Connect with us

Articles

Why Atiku Is Evil? By Timi Olagunju

Valentine Chinyem

Published

on

Conversations enrich the understanding, but solitude is the school of geniuses”.

These days, I have developed a habit of asking random questions from known and unknown persons. Questions mainly around the political frame of the public mind on those running for the highest office; the Presidency. And one of such questions involved knowing the thought of random persons about different political candidates. Interestingly, I heard words such as ‘slow’, ‘integrity’, ‘jobs creator’, ‘alternative’, ‘jokers’, ‘humane’, ‘corrupt’, ‘evil’, ‘genius’, ‘incompetent’, ‘star boy’. I am sure, you have ideas of who and who these words might refer to. But one of those words struck with me, and it is the word ‘evil’. Why would a Presidential candidate, a human being, be termed ‘evil’? Finding an answer to this, informed this article. I decided to be the angel’sadvocate – nothing personal.

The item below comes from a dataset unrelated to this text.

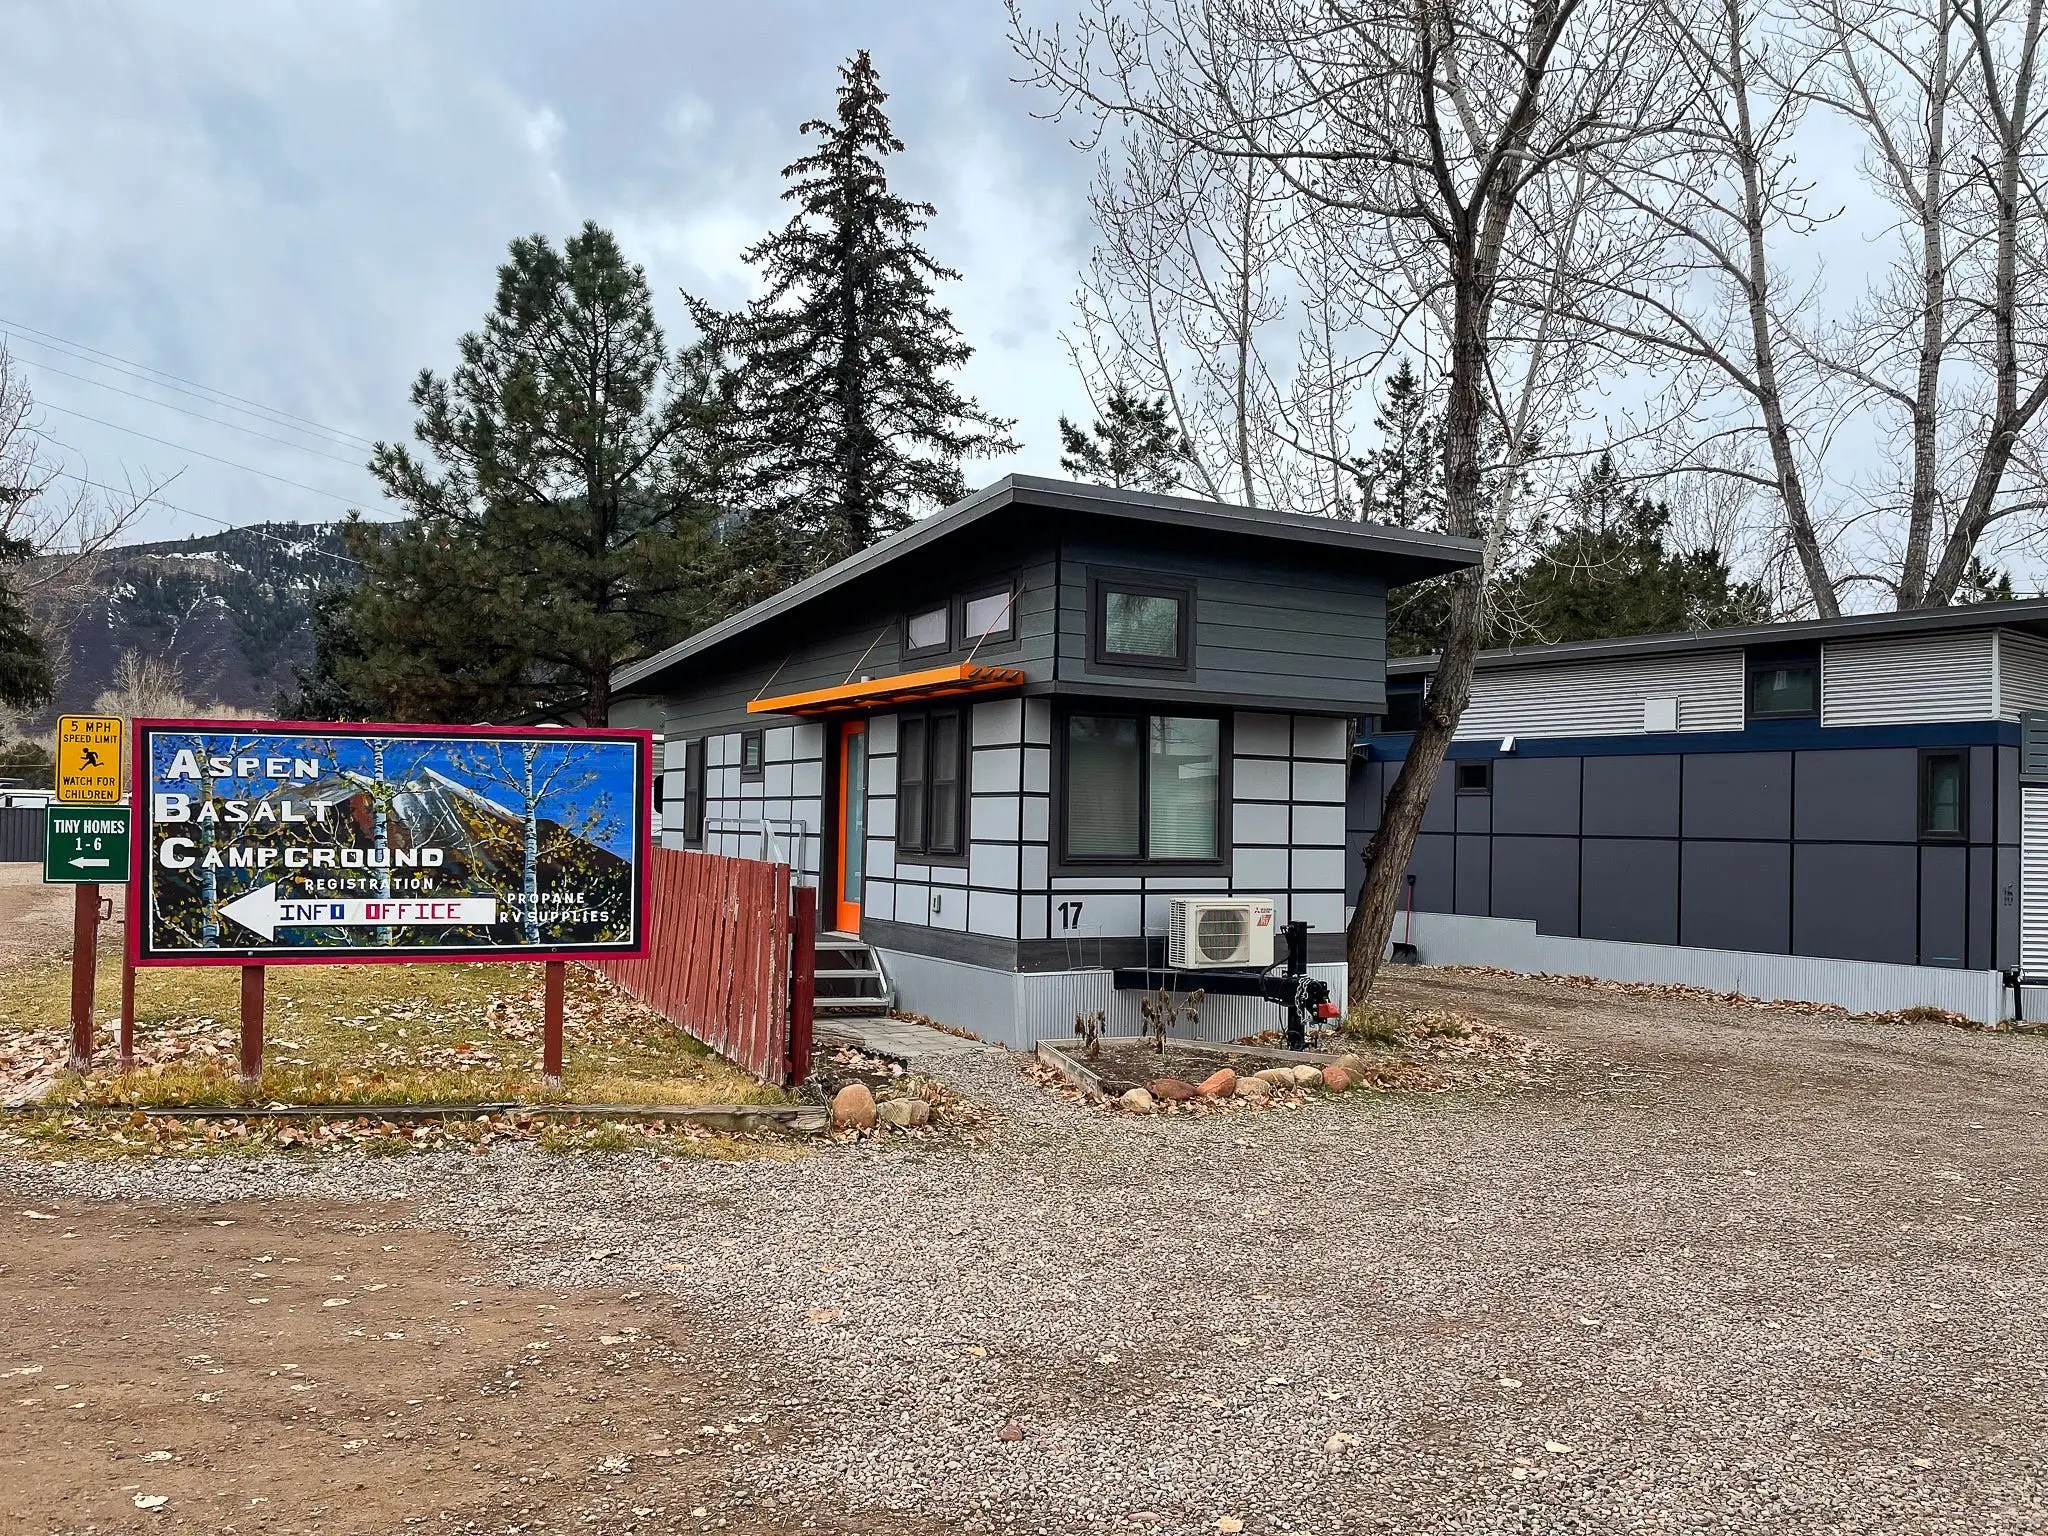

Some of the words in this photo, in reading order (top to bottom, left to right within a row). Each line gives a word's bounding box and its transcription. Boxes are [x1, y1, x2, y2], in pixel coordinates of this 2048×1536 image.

Without a mention of name, you might have an idea of who is being referred to as ‘evil’ of all the candidates. So I proceed to ask, ‘why evil, why is Atiku considered ‘evil’ (or corrupt), whatever nomenclature has been slammed on the man, as a major contender in the race. To my surprise, 99.99% of the persons using the word on him, do not even know why. That shocked me, so I decided, as a neurolingusitic programmer particular about how words shape the mindset and self concept of people about themselves and about others as they interact with the world, to explore Atiku. Please, let’s do this devil’s advocacy work together.

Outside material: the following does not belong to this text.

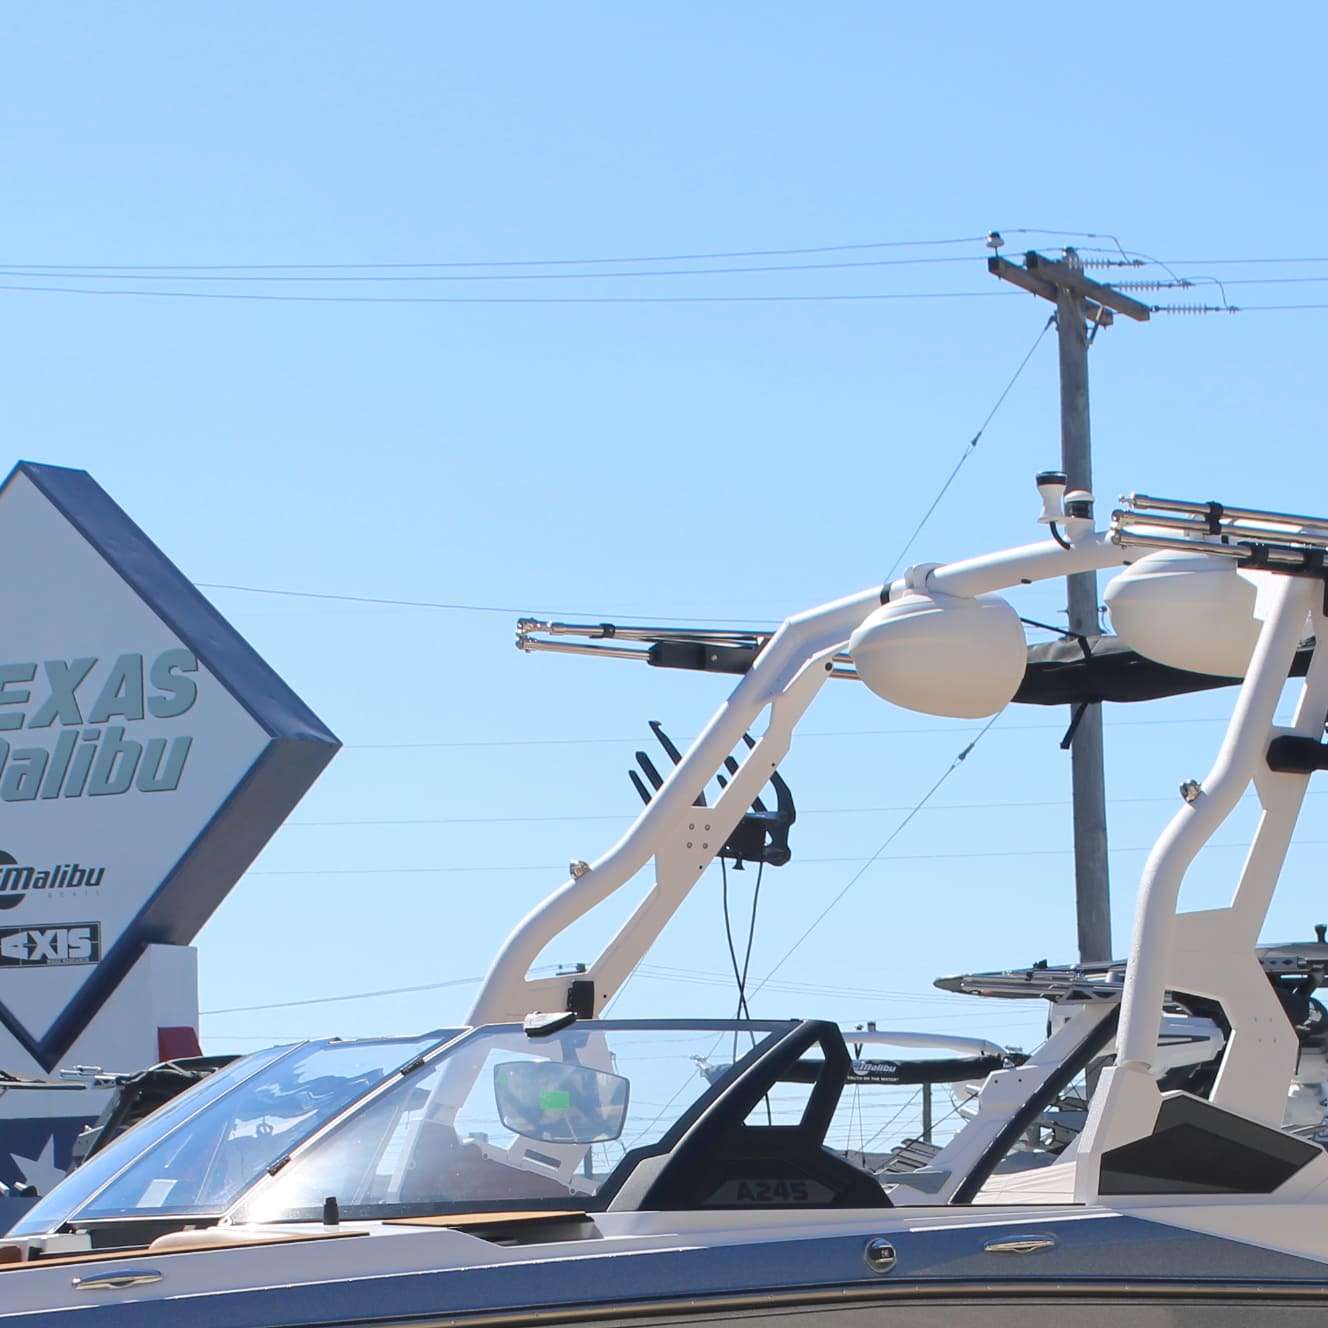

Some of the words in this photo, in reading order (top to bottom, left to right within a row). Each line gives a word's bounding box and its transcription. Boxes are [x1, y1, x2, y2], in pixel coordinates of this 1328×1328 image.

[0, 863, 106, 891] Malibu
[0, 928, 92, 960] AXIS
[859, 1062, 897, 1073] Malibu
[736, 1181, 809, 1202] A245

Firstly, let’s open up his career and business frame a bit. Atiku worked in government, but I did some digging and I realized Atiku, though an only child of his parents, has always being an entrepreneurial minded individual. Interestingly, his first business was within a year of working and in his early 20s. At that time, he went to the dealer of trucks and acquired two or three trucks on instalment credit for the business of carrying agricultural produce from the Northern region to the South (especially Lagos), with hopes to pay back as delivery comes in. Surprisingly, the main driver in charge of the trucks ran away with the trucks, after some deliveries.

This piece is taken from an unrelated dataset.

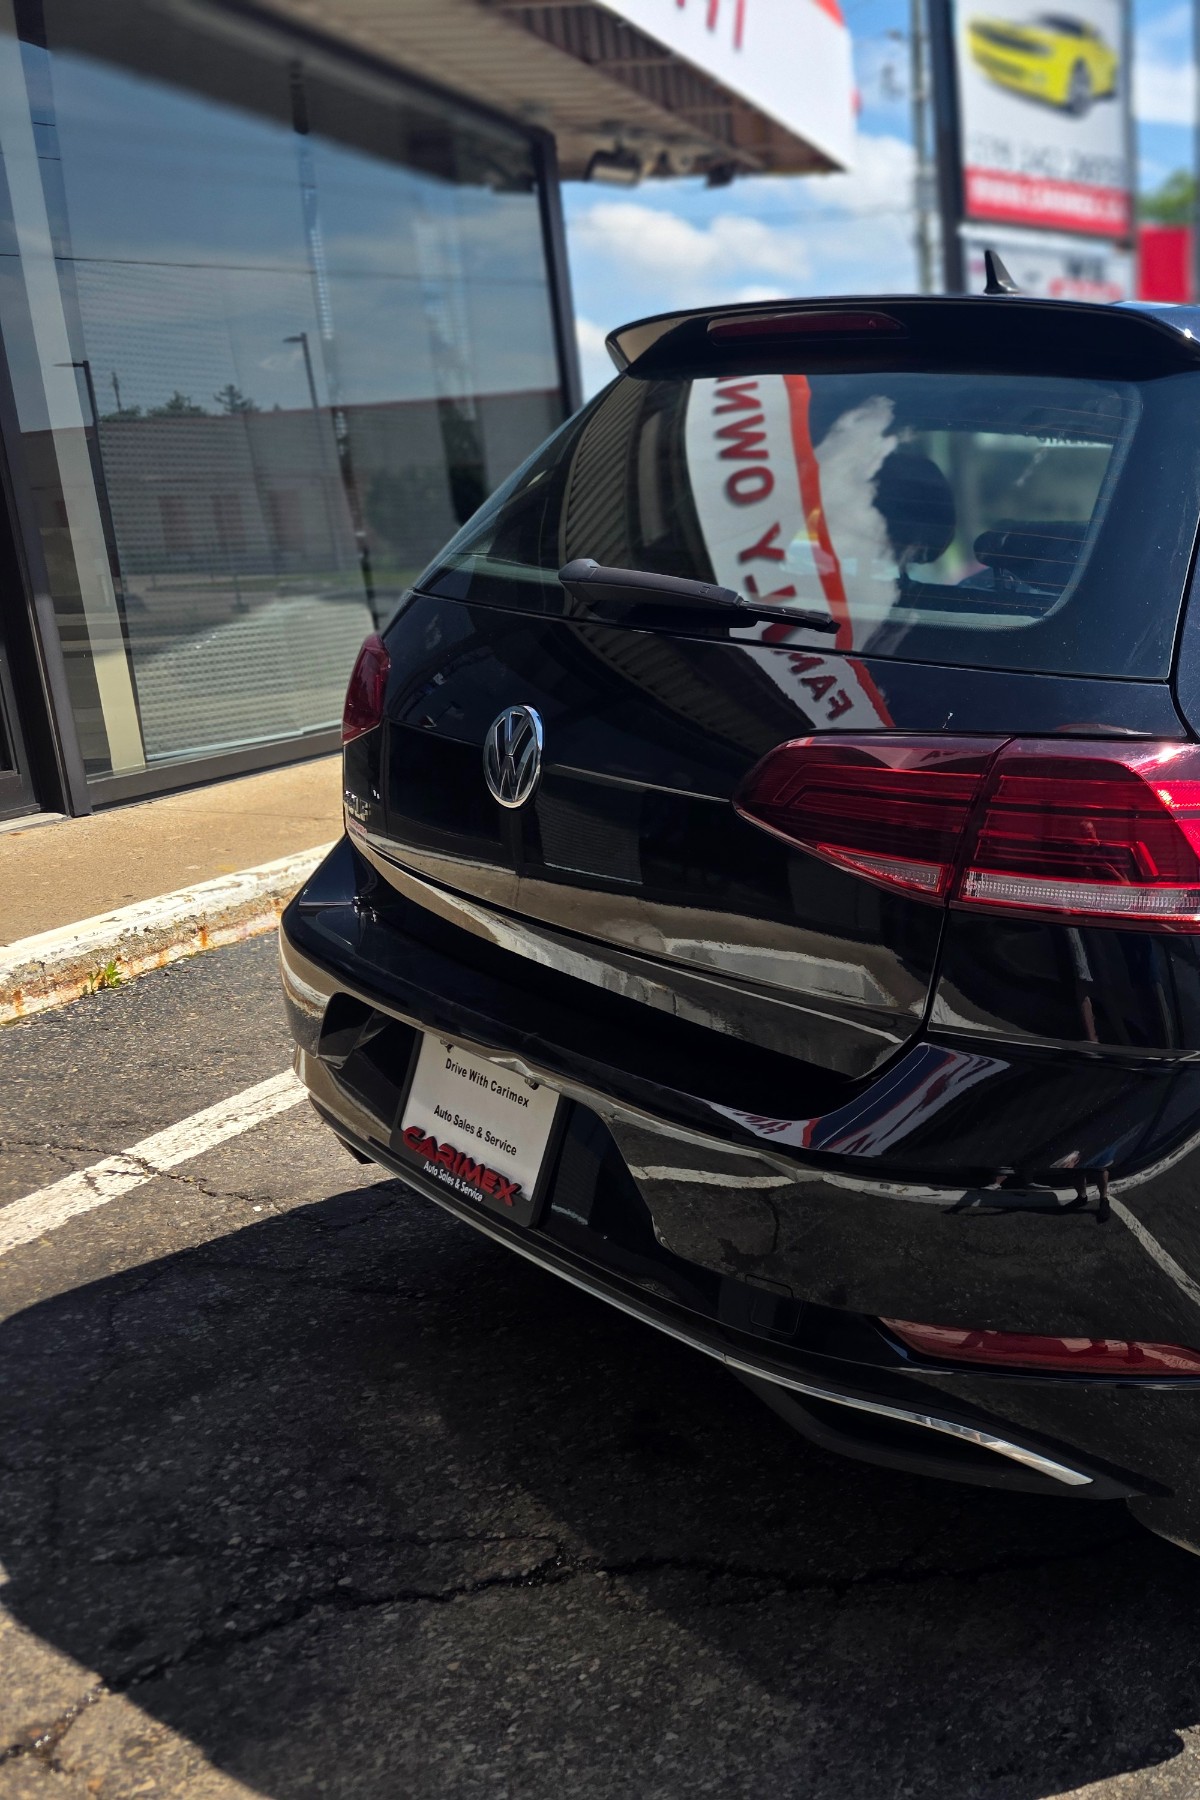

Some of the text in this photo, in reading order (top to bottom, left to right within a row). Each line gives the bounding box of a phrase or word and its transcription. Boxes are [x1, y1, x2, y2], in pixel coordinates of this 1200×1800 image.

[445, 1058, 530, 1107] Drive With Carimex
[434, 1104, 517, 1156] Auto Sales & Service
[402, 1125, 522, 1207] CARIMEX
[423, 1160, 483, 1202] Auto Sales & Service

Secondly, let’s look through his political trajectory. He came into political frame after emerging as top three out of a large number of Presidential aspirant in the SDP Presidential primaries with my legend M.K.O. Abiola – M.K.O. being first, Baba Gana Kingibe emerging second, and Atiku Abubakar as third. Since margins were close, they ran for the second voting option to decide the ‘clear’ winner. However, if he had teamed up with Baba Gana Kingibe from the same North East with him, Kingibe would have had over 2,000 votes above M.K.O in the second primaries (since politics is a game of numbers), but Atiku decided to team up with M.K.O Abiola. After M.K.O emerged, he chose Kingibe as his running mate. The permutation was that Atiku’s time would come, after M.K.O’s Presidency.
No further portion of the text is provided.